Without the pictures, reproduce the records that follow exactly.

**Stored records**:
########

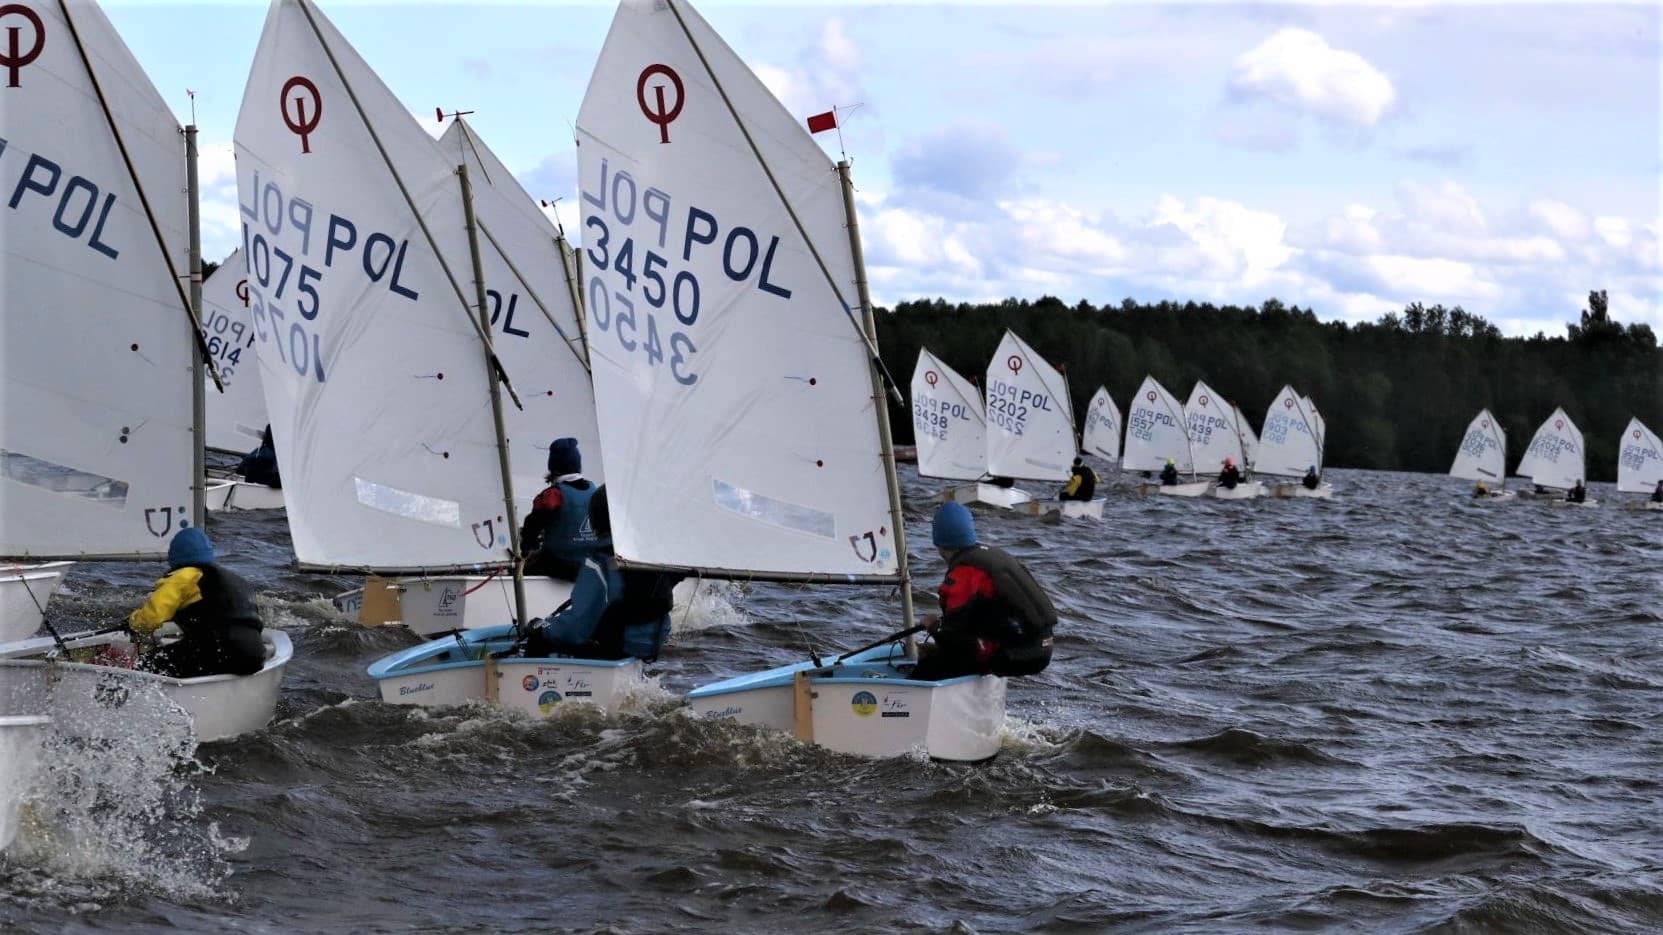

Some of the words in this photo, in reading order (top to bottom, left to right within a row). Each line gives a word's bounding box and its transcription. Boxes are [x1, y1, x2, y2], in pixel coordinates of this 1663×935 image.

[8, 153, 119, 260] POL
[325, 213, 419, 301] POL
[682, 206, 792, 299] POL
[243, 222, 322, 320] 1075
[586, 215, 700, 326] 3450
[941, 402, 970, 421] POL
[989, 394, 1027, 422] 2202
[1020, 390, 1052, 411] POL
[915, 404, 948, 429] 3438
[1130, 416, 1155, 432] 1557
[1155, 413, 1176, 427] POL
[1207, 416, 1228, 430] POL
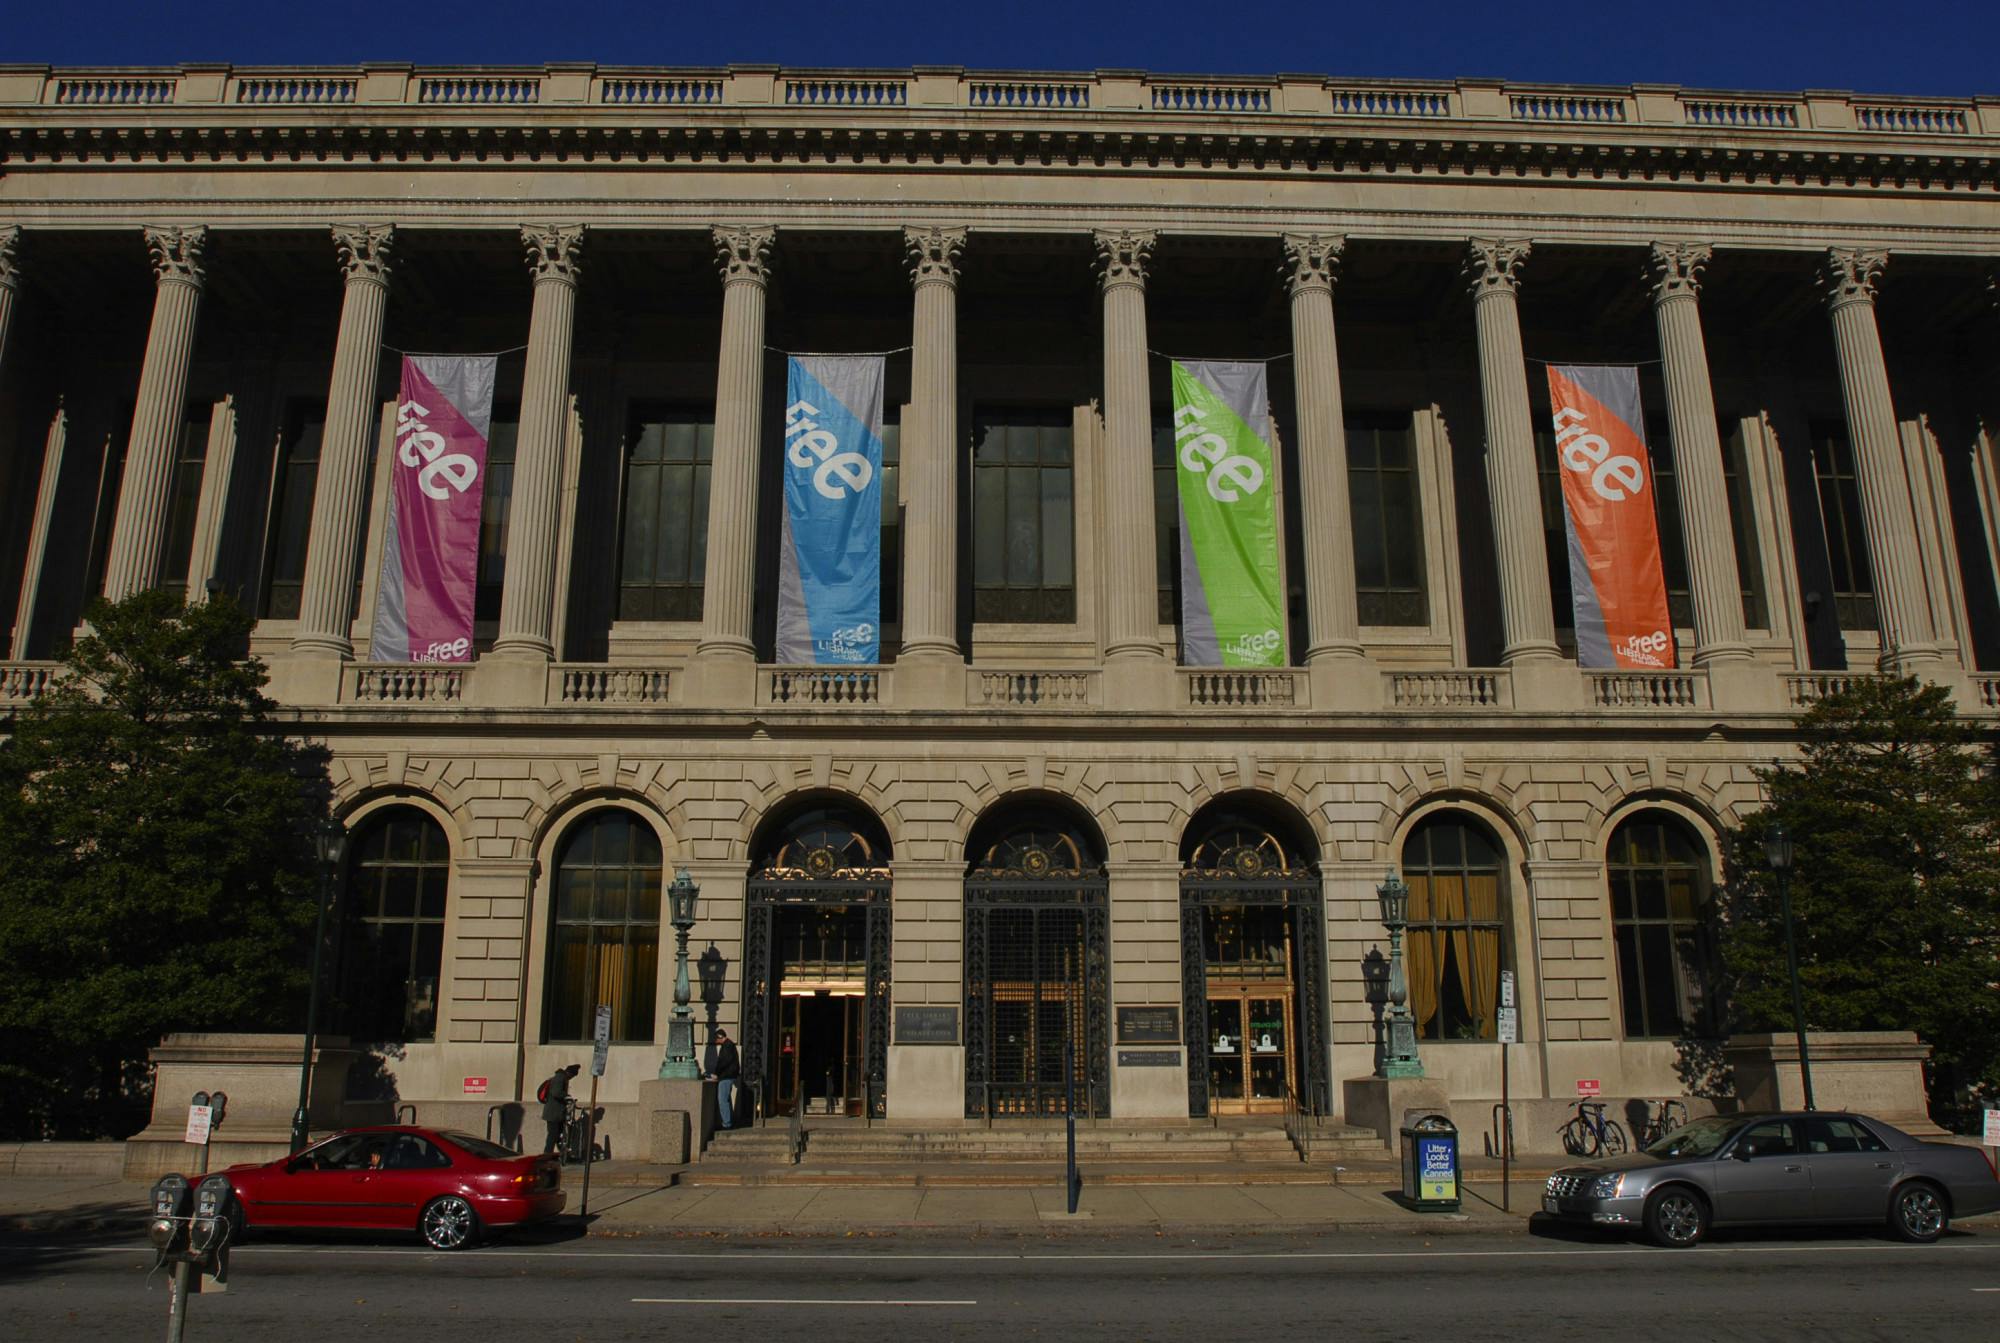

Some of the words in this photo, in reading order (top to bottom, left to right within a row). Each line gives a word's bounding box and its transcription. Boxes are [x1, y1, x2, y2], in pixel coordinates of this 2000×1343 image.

########

**Exercise answer**:
Some of the words in this photo, in reading order (top to bottom, left to right within a row). Each line gives a word's bounding box and its transcription. Boxes are [x1, y1, x2, y2], in pixel coordinates of this 1663×935 image.

[8, 153, 119, 260] POL
[325, 213, 419, 301] POL
[682, 206, 792, 299] POL
[243, 222, 322, 320] 1075
[586, 215, 700, 326] 3450
[941, 402, 970, 421] POL
[989, 394, 1027, 422] 2202
[1020, 390, 1052, 411] POL
[915, 404, 948, 429] 3438
[1130, 416, 1155, 432] 1557
[1155, 413, 1176, 427] POL
[1207, 416, 1228, 430] POL

Some of the words in this photo, in reading order (top to bottom, left to right within a row). Each line gives a word's bounding box and its transcription. Boxes are [x1, y1, x2, y2], in pixel coordinates of this 2000×1343 image.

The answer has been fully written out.